What I Need to Remind Myself When I Walk Uphill With Samter's Triad
As I trudged up a hill with my husband a few weeks ago, I commented to him that people observing me would just think I was unfit and lazy with the number of stops I was needing to take (I’m never particularly nice to myself). That’s the thing, with hidden illness or disease, only the person occupying said body (and perhaps her doctor) really knows what’s going on inside.
My “insides” are not particularly happy and in a way that’s hard for me to define. I have Samter’s Triad, also knows as aspirin-exacerbated respiratory disease (AERD). Without any of the side effects of treatment, my illness consists of asthma (extremely severe when I was a child), recurrent sinus disease with nasal polyps (I have had 12 operations) and an aspirin allergy, which means I’m also unable to take non-steroidal anti-inflammatory drugs.
The side effects add another layer (layers): long-term use of corticosteroids has left me with adrenal suppression, and a failed aspirin-desensitization trial nearly 10 years ago damaged my poor old lungs and has left me with constant infection in them. I have also developed inflammatory issues in my stomach and joints, just to complicate matters further.
So that’s me, on the way up the hill, lungs crying out in pain. It’s good for them, though, that I do keep pushing them. Every few years or so, when I go through a particularly bad spell health-wise, I pull the edges of my life in closer and tell myself I’m OK, I just won’t walk up hills… or indulge in high-impact exercise of any kind. And then I find myself in another hiatus, and I challenge myself to the odd hill or two again and realize (although I puff and pause a lot), I still have it in me to walk up a small hill.
The way down the hill, though, that’s an entirely different story: my poor old-lady joints (especially my knees) hate walking down hills and stairs. I do it though because it’s a use-it-or-lose-it scenario. Because of that aspirin allergy, I cannot take any of the non-steroidal anti-inflammatories that might make my arthritis a little easier to cope with, so I end up pushing up my daily dose of steroids to relieve the impact of adrenal insufficiency on my joints and muscles. All a vicious circle, really.

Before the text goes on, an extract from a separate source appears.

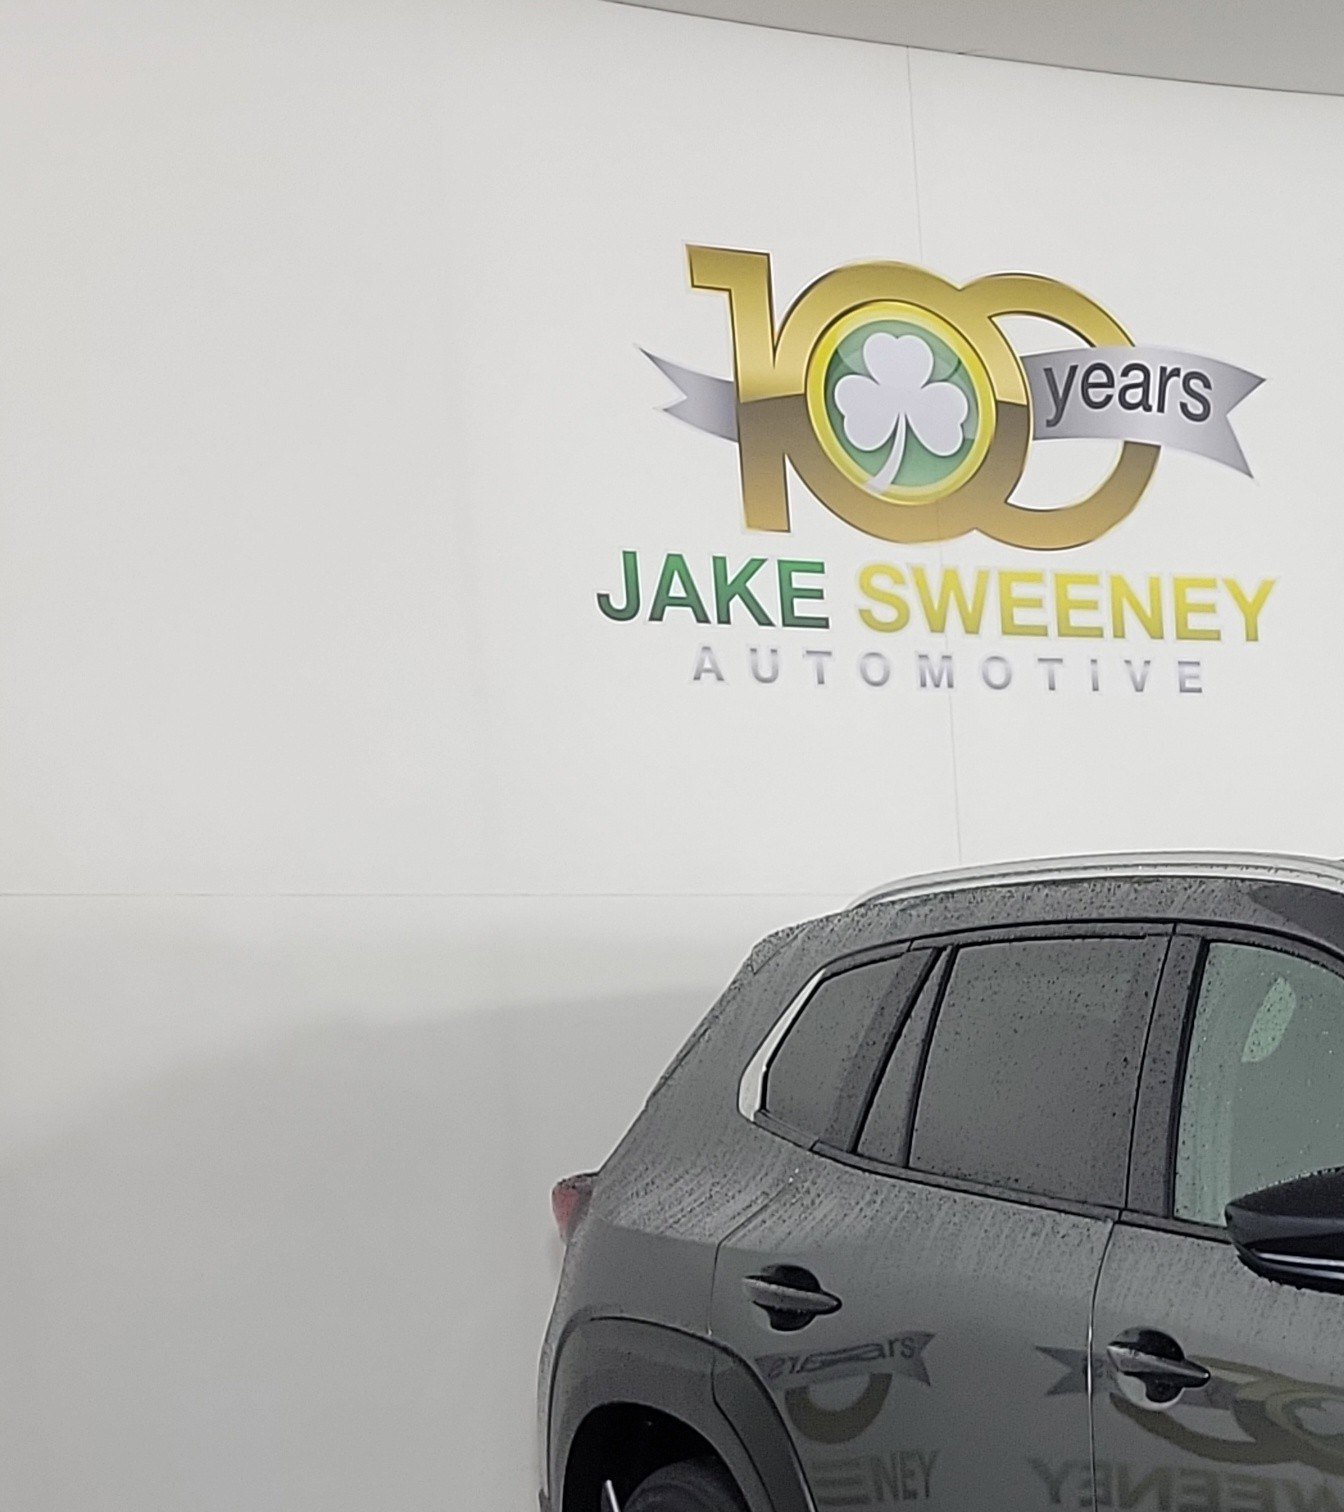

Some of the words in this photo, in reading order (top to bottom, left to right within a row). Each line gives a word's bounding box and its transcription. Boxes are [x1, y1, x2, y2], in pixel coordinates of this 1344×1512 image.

[1043, 361, 1213, 427] years
[597, 550, 830, 630] JAKE
[856, 563, 1277, 642] SWEENEY
[692, 646, 1203, 694] AUTOMOTIVE
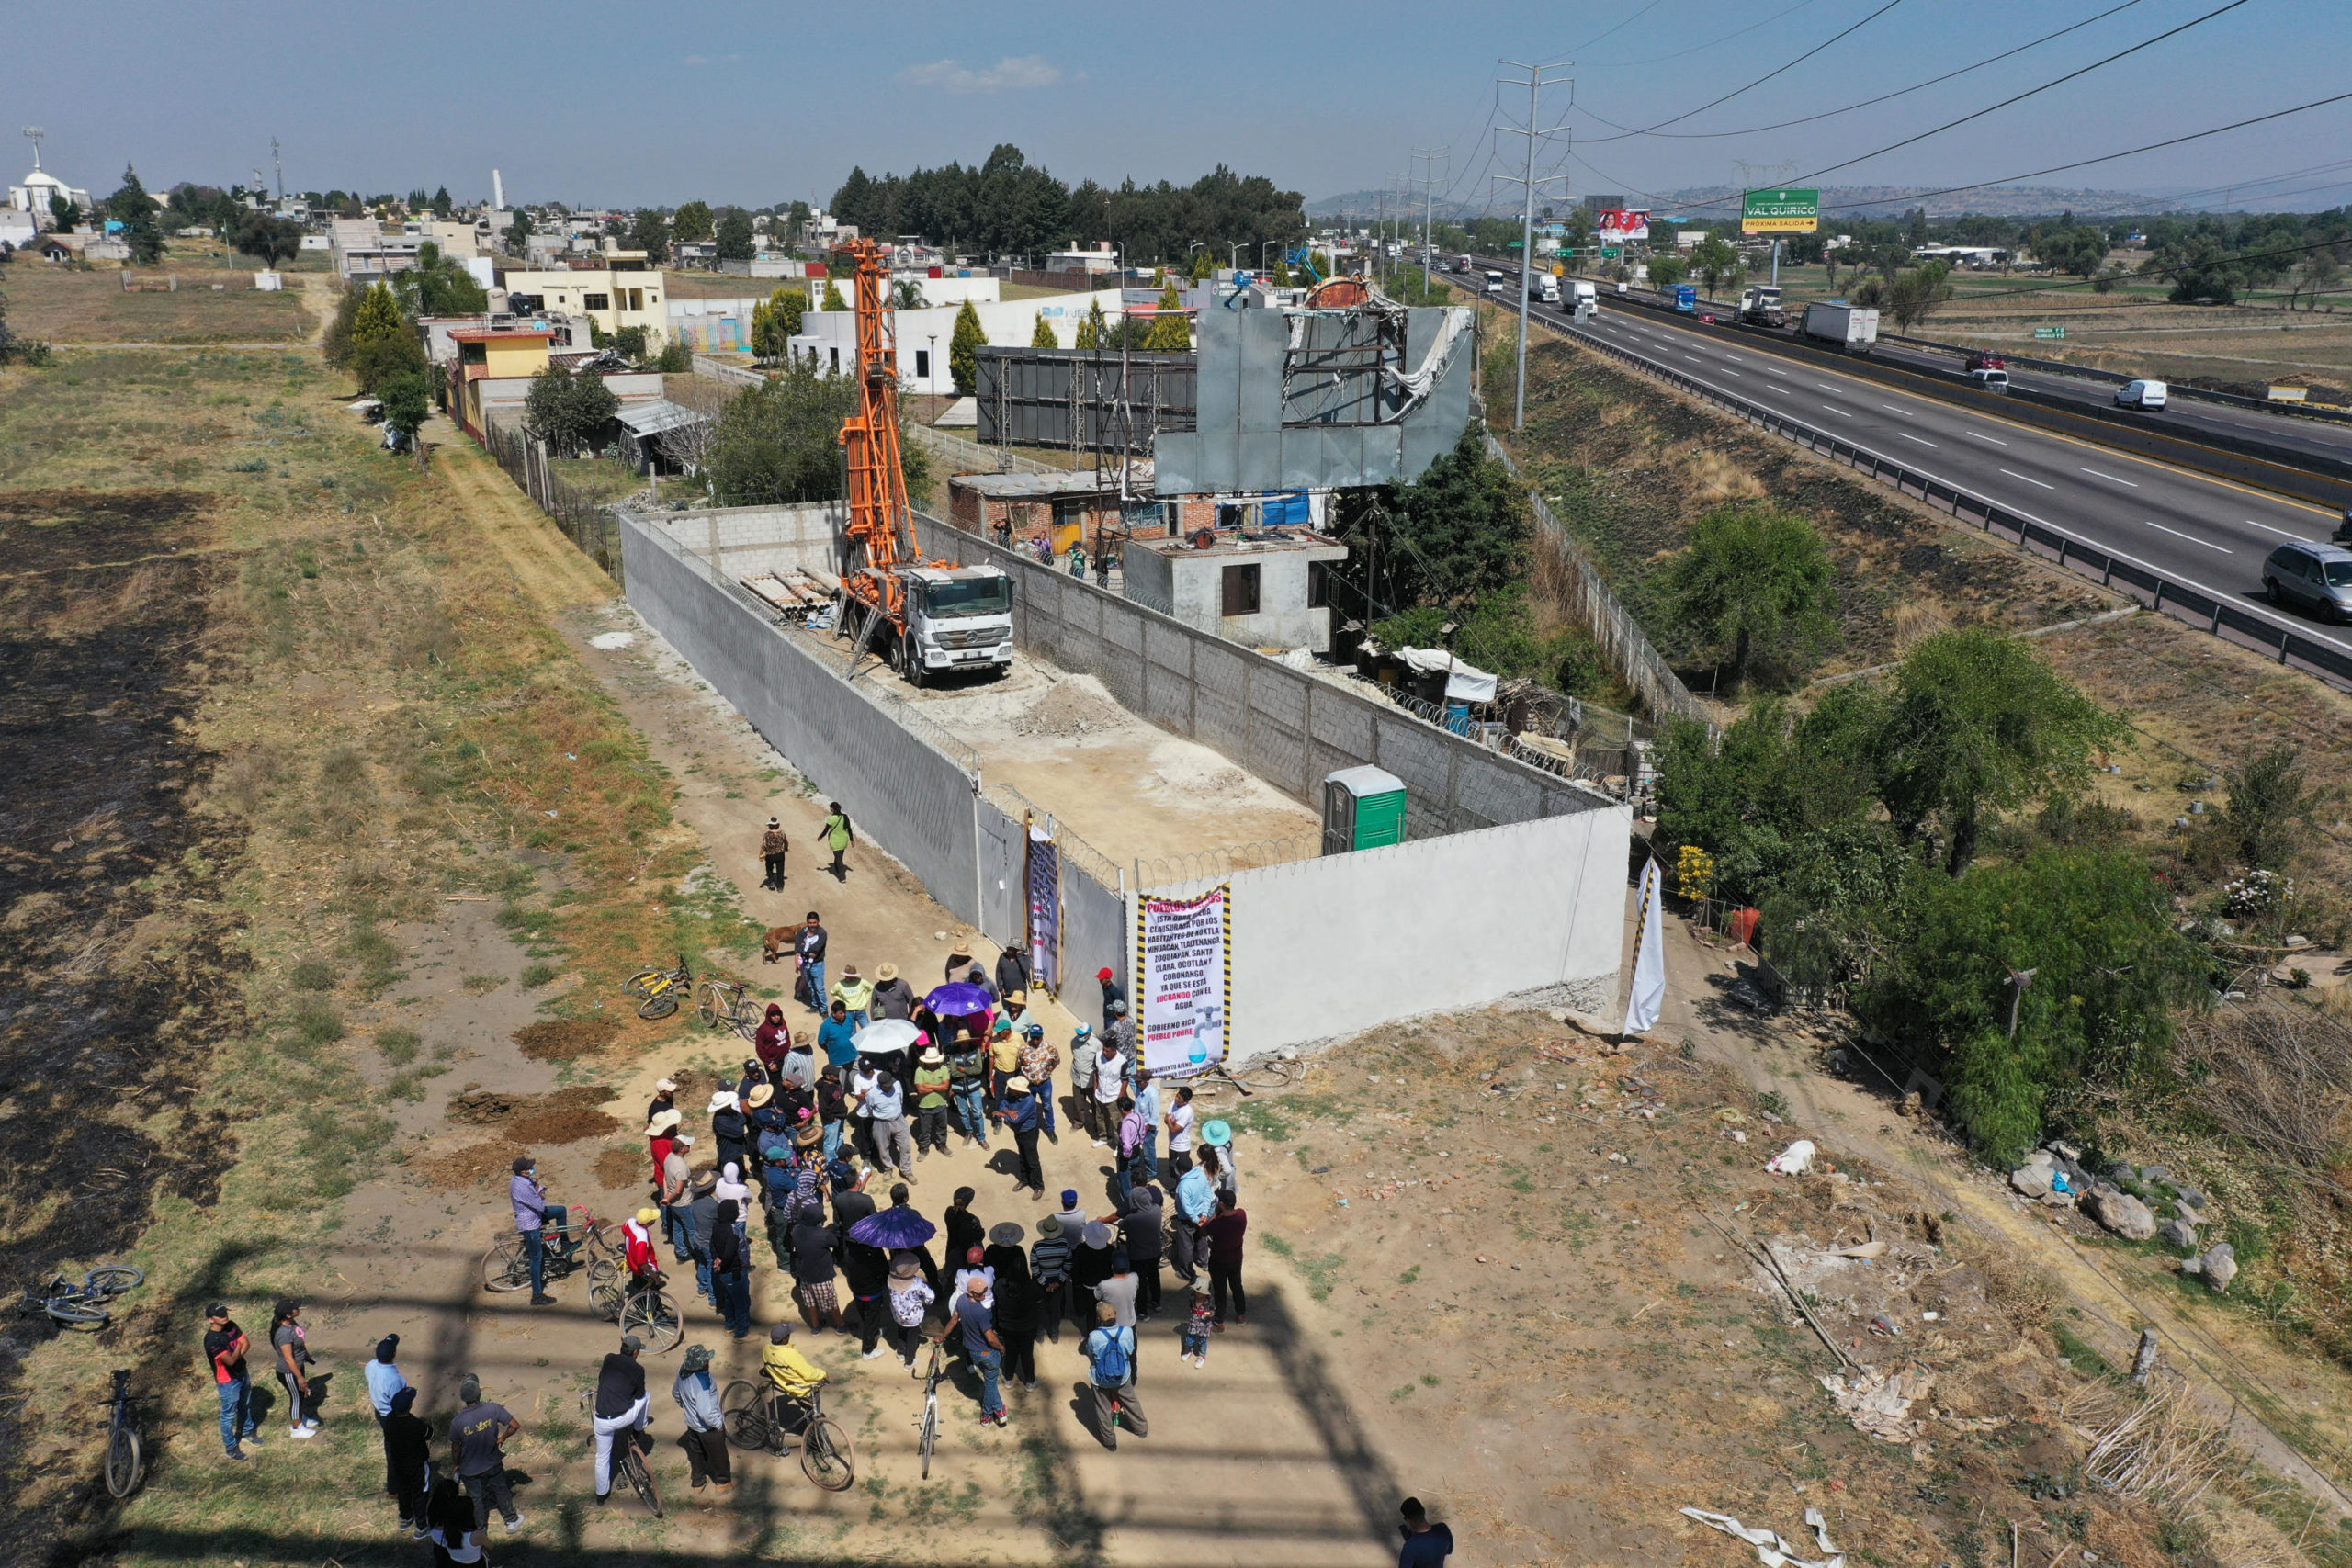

All the time, as I puff up hills or sit in my car trying to reduce my anxiety levels, I breathe. My battered lungs continue to inflate and deflate over and over, all day, every day. There is a lot to be said about their resiliency, about my resiliency… I don’t often say it though. More often I’m beating myself up for having to stop as I walk up a hill, or for not being able to dance the way I used to dance, or for struggling with weight loss while taking steroids. What I don’t do enough, not nearly enough, is express gratitude in every day for the incredible strength my body continues to display 51+ years into this life that we’ve been living together. Anxiety, depression, grief and chronic illness all held together by a heart that continues to beat, that continues to love every day. I am incredibly grateful for that, and I need to acknowledge it more.
Life is not a race to the end; it’s an opportunity every day, every second, to appreciate where I am and acknowledge how much of an overcomer I am. Life, even my life, is a gift. That’s my lesson today… hopefully I remember it again tomorrow.